Thursday, March 27, 2014

The First

The first birth was awful.

I wanted it to be amazing. I wanted it to make me feel like a real midwife, like I could be good at this thing that I am both in love with and utterly terrified of. Instead, this woman I was with, she was only a couple of years younger than me and she did not trust me. In hindsight, this does not faze me. I get it. I'm 26, I was doing a less than spectacular job at faking any semblance of aptitude or confidence, and she was just done. Done with her contractions, done with the baby's father talking on his phone while she was racked with pain, done with her mother-in-law asking loudly when the hospital was going to do paternity testing because she was sure, she was positive that this baby was not her son's, and of course, done with the student midwife even being in the same room as her. So I did my best and offered to my preceptor to sit this one out and merely observe, in a genuine attempt to respect this woman's wishes, and was met with deaf ears.

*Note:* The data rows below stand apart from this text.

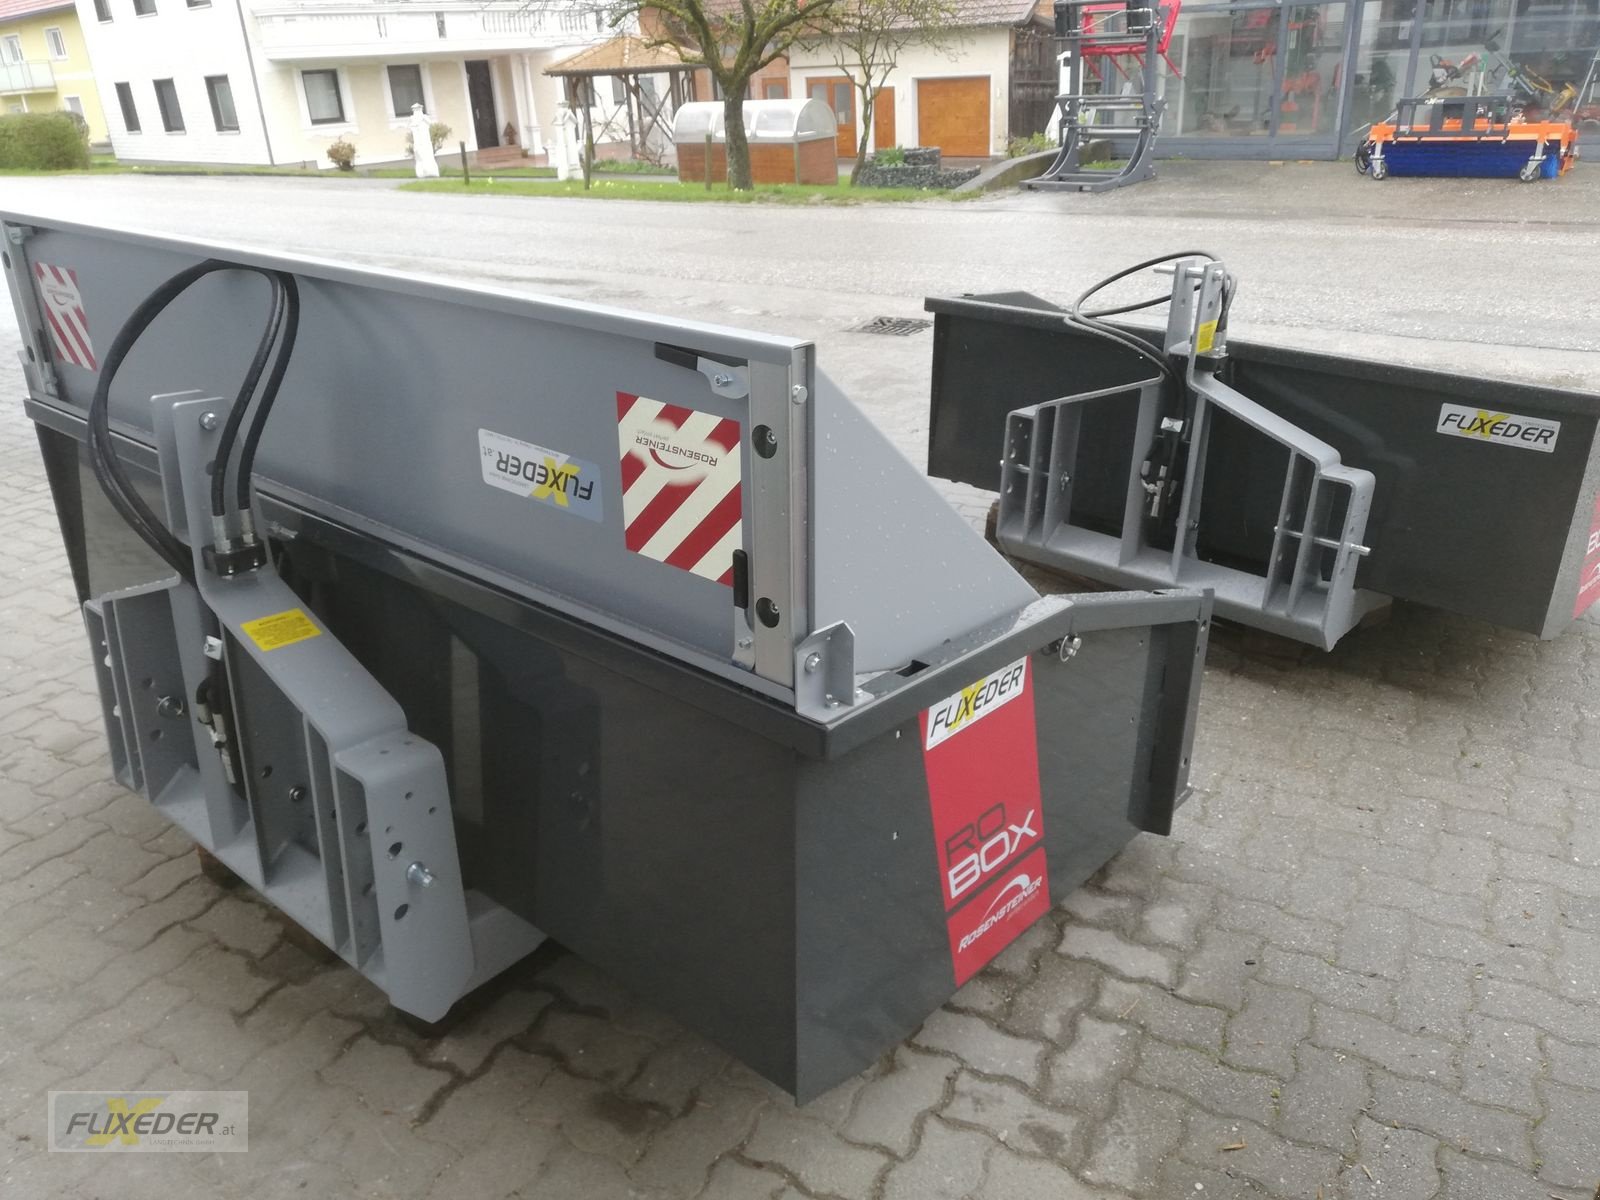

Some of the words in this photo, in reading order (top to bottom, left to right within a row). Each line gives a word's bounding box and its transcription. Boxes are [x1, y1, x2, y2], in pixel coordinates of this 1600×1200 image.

[635, 435, 718, 467] ROSENSTEINER
[1441, 413, 1555, 444] FLIXEDER
[930, 665, 1023, 738] FLIXEDER
[945, 802, 1005, 867] RO
[948, 809, 1037, 899] BOX
[957, 875, 1042, 953] ROSENSTEINER

"This is a teaching hospital. She needs to get over it."

Um, okay. Wow.

So in the end, no one was happy. My preceptor was annoyed that I dropped my hands away from the baby's head when the mother screamed, "No!! Don't touch me!" I was done trying to walk a fine line between respecting a person's body integrity and right to refuse whatever the hell they want to refuse - including having a student catch your baby - and trying to please whichever random "teacher" I'm spending a given 12 hours with. I was shaken by being so despised, in that moment, by someone who didn't know me at all, and - I'll admit - I was hurt and upset and took the whole thing far too personally. I grazed the baby's ears as they emerged and then, a few minutes later, managed to very messily deliver the placenta with shaking hands, waiting to be screamed at again by someone (anyone, really).

Ten minutes later, we were sitting in the chart room and my preceptor says matter-of-factly, "Okay, great. So that was your first catch. Here's the birth certificate, can you fill this out? Front and back."

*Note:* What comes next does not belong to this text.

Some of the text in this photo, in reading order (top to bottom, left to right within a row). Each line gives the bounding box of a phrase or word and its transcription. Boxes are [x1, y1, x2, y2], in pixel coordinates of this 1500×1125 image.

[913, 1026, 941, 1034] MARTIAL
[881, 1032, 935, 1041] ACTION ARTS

I nodded, smiled, and excused myself to the bathroom where I sat on the floor, shivering uncontrollably, and took deep cleansing breaths until I'd breathed out all the adrenaline and guilt and fear and disappointment and anger and confusion until I was an empty shell of somebody calm and detached and wholly unlike me. That night, in the dark of my bedroom, I finally gave in to the sharp stab of hurt at being unwanted, of being terrible at something I so badly want to be excellent at, but mostly, at feeling such overwhelming sadness and guilt that I had been a part of something awful. Of a woman having a birth that was not her own, and not what she wanted. I hated everything about my implicitness in that.

If I've learned anything so far in school, it's that resiliency is far more important than aptitude. I still hate that school is a place where I am not the midwife I will be one day. Where I jump at the chance to perform amniotomies and place intrauterine pressure catheters because if I don't do those things now, I'll never learn how. Where I'm at the mercy and whims of every single preceptor, all of whom want different things, and none of whom are wrong. Where I spend 12 exhausting hours doing labor support for a primip only to be told to walk away at 7 PM so that the ER resident can catch her baby at 7:15. But - and this is a big but - the moments of wet squalling babies whooshing out on a wave of fluid, the pulsing cords, the reaching hands, and the tears that cross every language barrier in the room, those moments remind me why I'm here.

And they're what have finally brought me back to writing, after far too long.

Thursday, May 23, 2013

Birth

You know what's awesome about birth, babe?

What's that?

It's like...today was one of the biggest days of these two women's entire lives, because their babies were born, and - and - you get to be there for it.  And for me - all it is is Thursday.  But for them - it's a day that they'll never forget.  I can't believe I get to be there for all of those days for the rest of my life.

Well, I can't think of anyone better to be there for them than you.

I'm so lucky.  I just can't believe how lucky I am.

So are they, he tells me.  And I laugh because this can't possibly be my life.

And yet it is.


Welcome to the world, baby girls.  Today was an awesome day to be born.